L’uso dell’aceto è molto antico; permetteva ai nostri antenati di preservare gli alimenti in assenza di altri metodi. Adesso viene usato in tanti modi per arricchire il sapore dei piatti … anche nella cucina crudista!

Benessere e salute, l’aceto di vino

È il più comune nella cucina italiana. Viene prodotto dalla fermentazione del vino bianco o rosso e viene utilizzato per molte preparazioni tradizionali, come condimento per le verdure e come valida alternativa naturale per le pulizie domestiche.

L’aceto di cocco

È prodotto dalla linfa della palma da cocco, la quale, avendo un basso indice glicemico, contiene aminoacidi, minerali (specialmente il potassio) e le vitamine C e B. Per questo l’aceto di cocco supera di gran lunga gli aceti tradizionali in termini di percentuale di vitamine, sali minerali e proteine. È tradizionalmente usato nella cucina dell’Asia sudorientale e in alcune regioni dell’India. È tonico e digestivo.

L’aceto di miele
Di sapore acidulo, ha un colore dorato e un profumo molto intenso. Veramente ricco di enzimi e sali minerali. La produzione consiste nella fermentazione del miele con l’acqua. È ottimo per disinfettare l’intestino dopo un periodo di disordini alimentari, riduce il colesterolo nel sangue ed è efficace come tonico metabolico.

L’aceto di lamponi
Ha un profumo e colore strabiliante, dura tantissimo tempo e rappresenta un bel regalo “bio” per i nostri amici e parenti.

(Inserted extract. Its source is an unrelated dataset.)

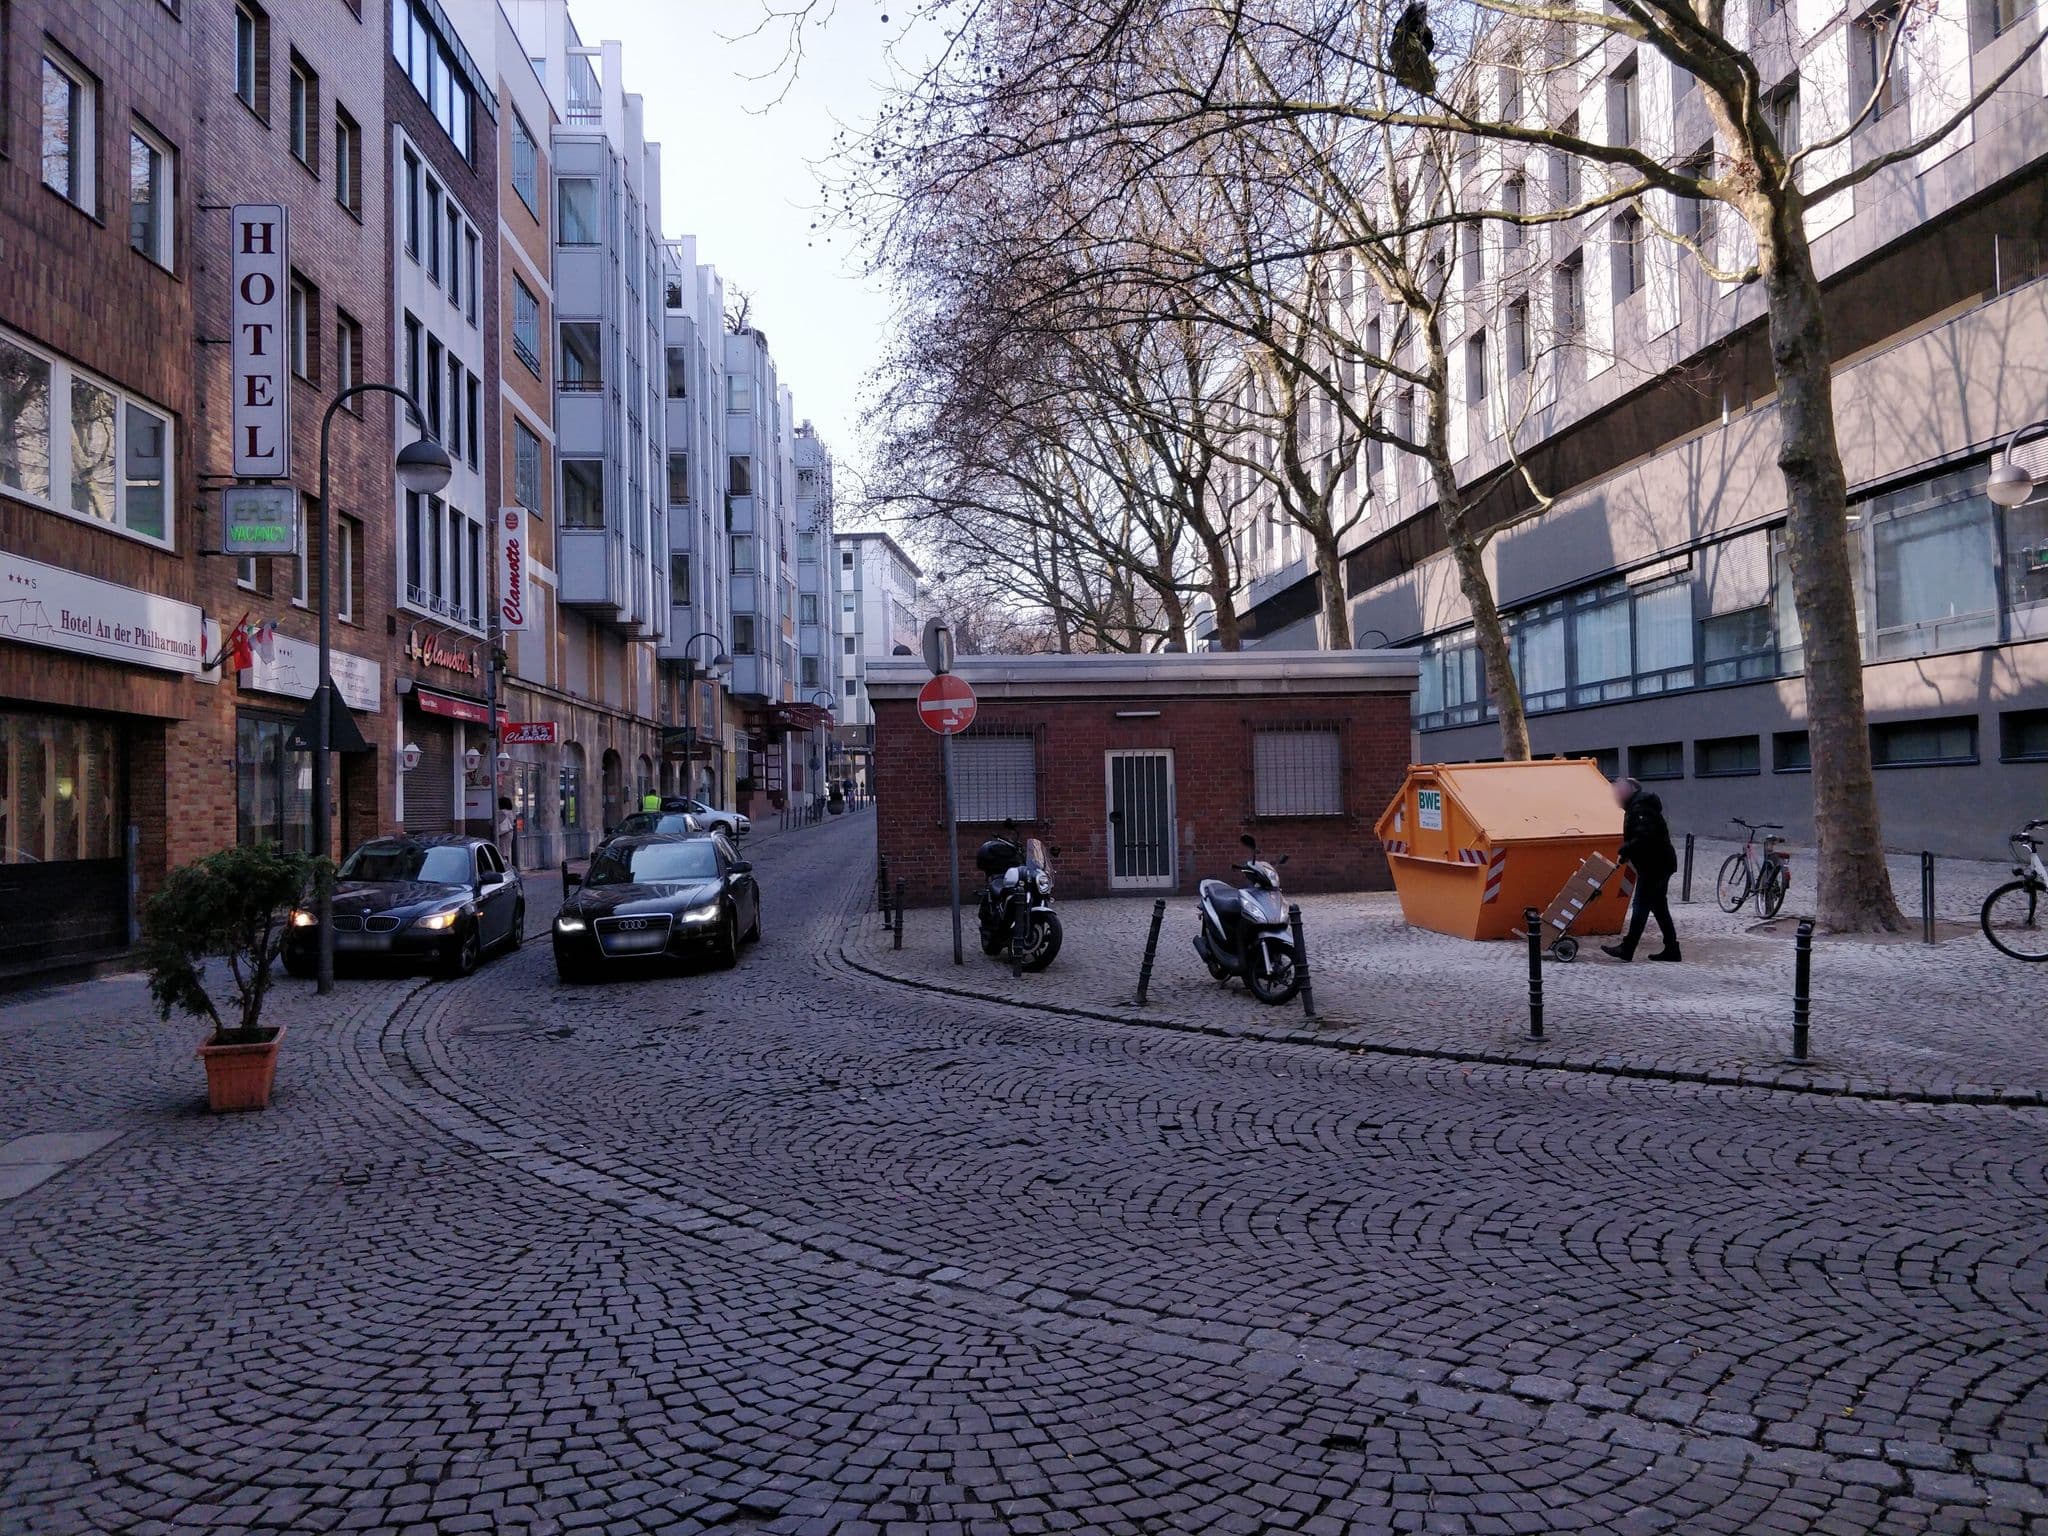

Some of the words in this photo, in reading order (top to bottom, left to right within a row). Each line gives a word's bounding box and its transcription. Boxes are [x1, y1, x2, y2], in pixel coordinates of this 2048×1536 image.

Detiene notevoli virtù antinfiammatorie. Ppurifica il sangue e migliora la circolazione, donando leggerezza a tutto il corpo. Ha un alto potere antiossidante. È davvero molto facile prepararlo a cas. Si ottiene facendo fermentare i lamponi, ai quali viene aggiunto dell’aceto di vino bianco, per circa due settimane.

L’aceto di ribes
Si ottiene indistintamente dal ribes rosso o dal ribes nero. Ha un gusto agrodolce particolarmente indicato per chi soffre di attacchi di fame nervosa (ha infatti un’azione calmante) e per chi desidera prevenire e combattere il trattenimento di liquidi nel corpo. È facile prepararlo a casa, unendo alle bacche di ribes schiacciate un po’ di aceto di vino bianco e del dolcificante. Attenzione all’apporto calorico!

L’aceto del frutto della passione
Particolarmente diffuso in Francia, ha un bellissimo colore arancione, un sapore fruttato e la consistenza densa. Davvero un ottimo condimento gourmet!